5. Der Leerzeichenvergleich. Textübersetzung, der Preis wird debattiert. Alle Zeichen inklusive Leer- und Satzzeichen werden berechnet. Der Kunde ist der Meinung, dass das unverschämt sei. Für Luft wolle er nicht zahlen. Nunstellnsiesichmaltexteundderenlesbarkeitohneregelnundinterpunktionvor.

6. Der Kalendervergleich. Wenn ich als Dolmetscherin morgens für einen Kun­den arbeite, kann ich ab dem Mittag in den allerseltensten Fällen für einen anderen Kun­den tätig werden, weil dieser mich eher auch ab dem Morgen (und bis zum Abend, das ist der Kon­fe­renz­modus) beschäftigen möchte. Selbst wenn der Mor­gen­ein­satz nur kurz dauert, ist der Tag damit meistens gelaufen.
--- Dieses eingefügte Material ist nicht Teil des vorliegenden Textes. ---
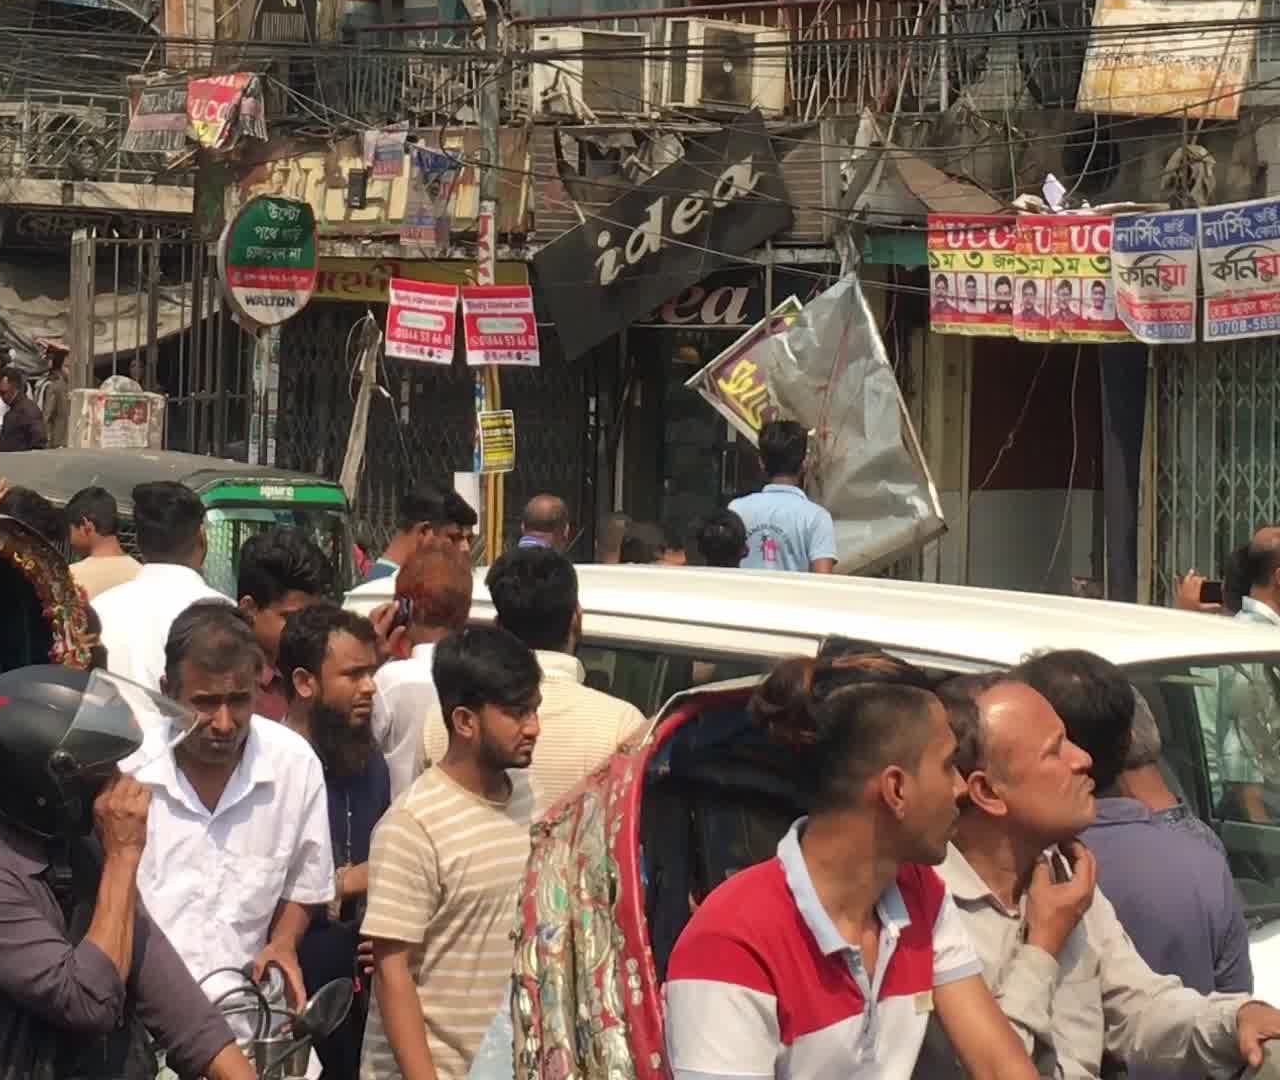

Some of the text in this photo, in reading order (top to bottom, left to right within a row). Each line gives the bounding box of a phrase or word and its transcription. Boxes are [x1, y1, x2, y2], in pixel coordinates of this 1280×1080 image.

[594, 154, 767, 286] idea
[1115, 216, 1162, 248] নার্সিং
[1203, 208, 1256, 243] নার্সিং
[1071, 224, 1112, 254] UC
[964, 251, 984, 268] ৩
[245, 295, 296, 307] WALTON
[656, 285, 751, 324] ea
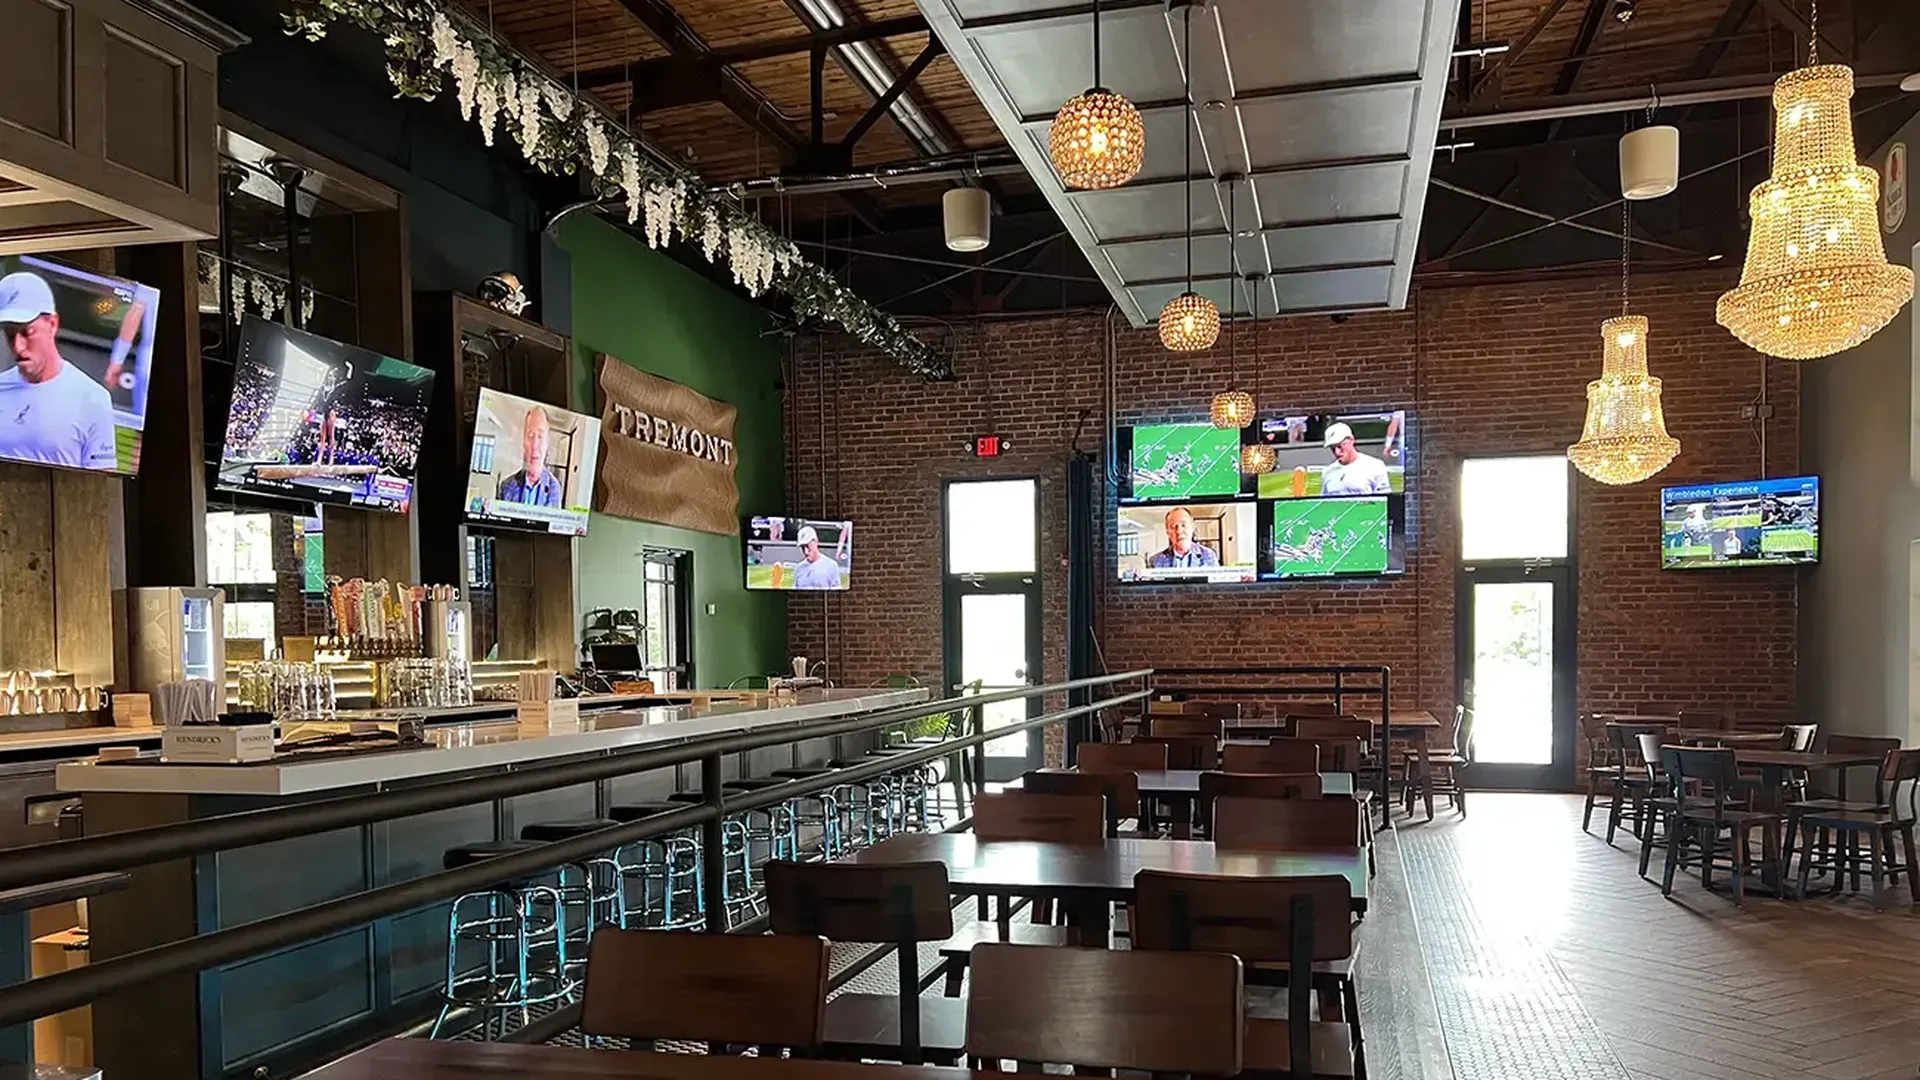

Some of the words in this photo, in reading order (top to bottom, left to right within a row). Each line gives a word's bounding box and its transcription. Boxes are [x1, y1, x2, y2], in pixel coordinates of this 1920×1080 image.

[615, 403, 733, 465] TREMONT
[977, 437, 998, 455] EXIT
[1665, 488, 1711, 499] Wimbledon
[1713, 485, 1759, 497] Experience
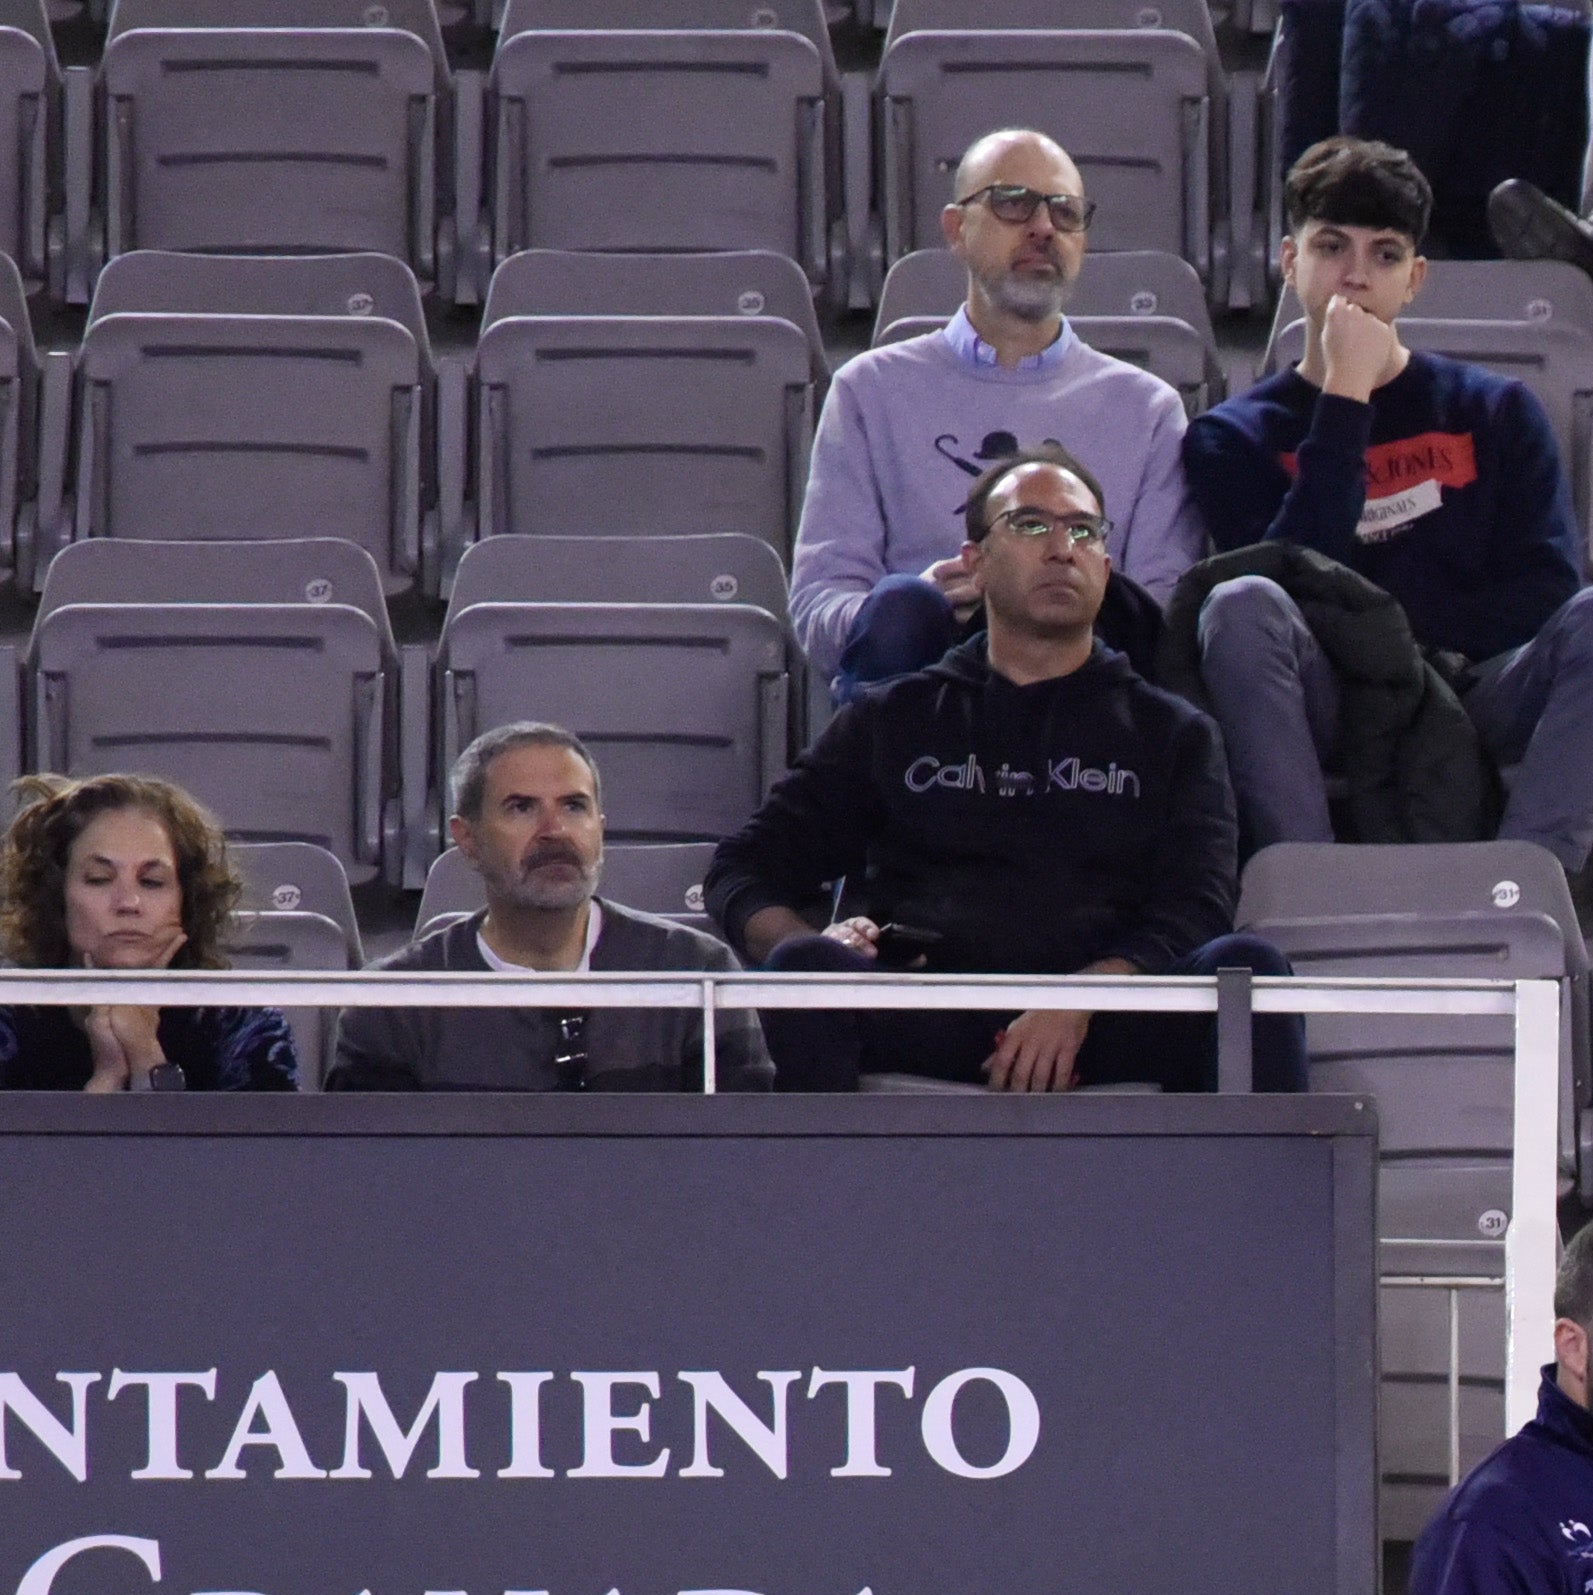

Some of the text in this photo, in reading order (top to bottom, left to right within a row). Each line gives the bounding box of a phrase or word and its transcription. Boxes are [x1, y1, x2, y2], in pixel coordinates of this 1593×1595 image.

Es gibt in jedem Jahr nur eine begrenzte Anzahl an Tagen, an denen wir Einkünfte erwirtschaften können, und ein Teil unserer (nicht bezahlten) Arbeitstage entfällt auf die Vor­be­rei­tung der (bezahlten) Einsätze.

P.S.: Die Agentin hat sich mit Kollegen abgesprochen und ich bekomme jetzt den vollen Satz ohne weitere Diskussionen.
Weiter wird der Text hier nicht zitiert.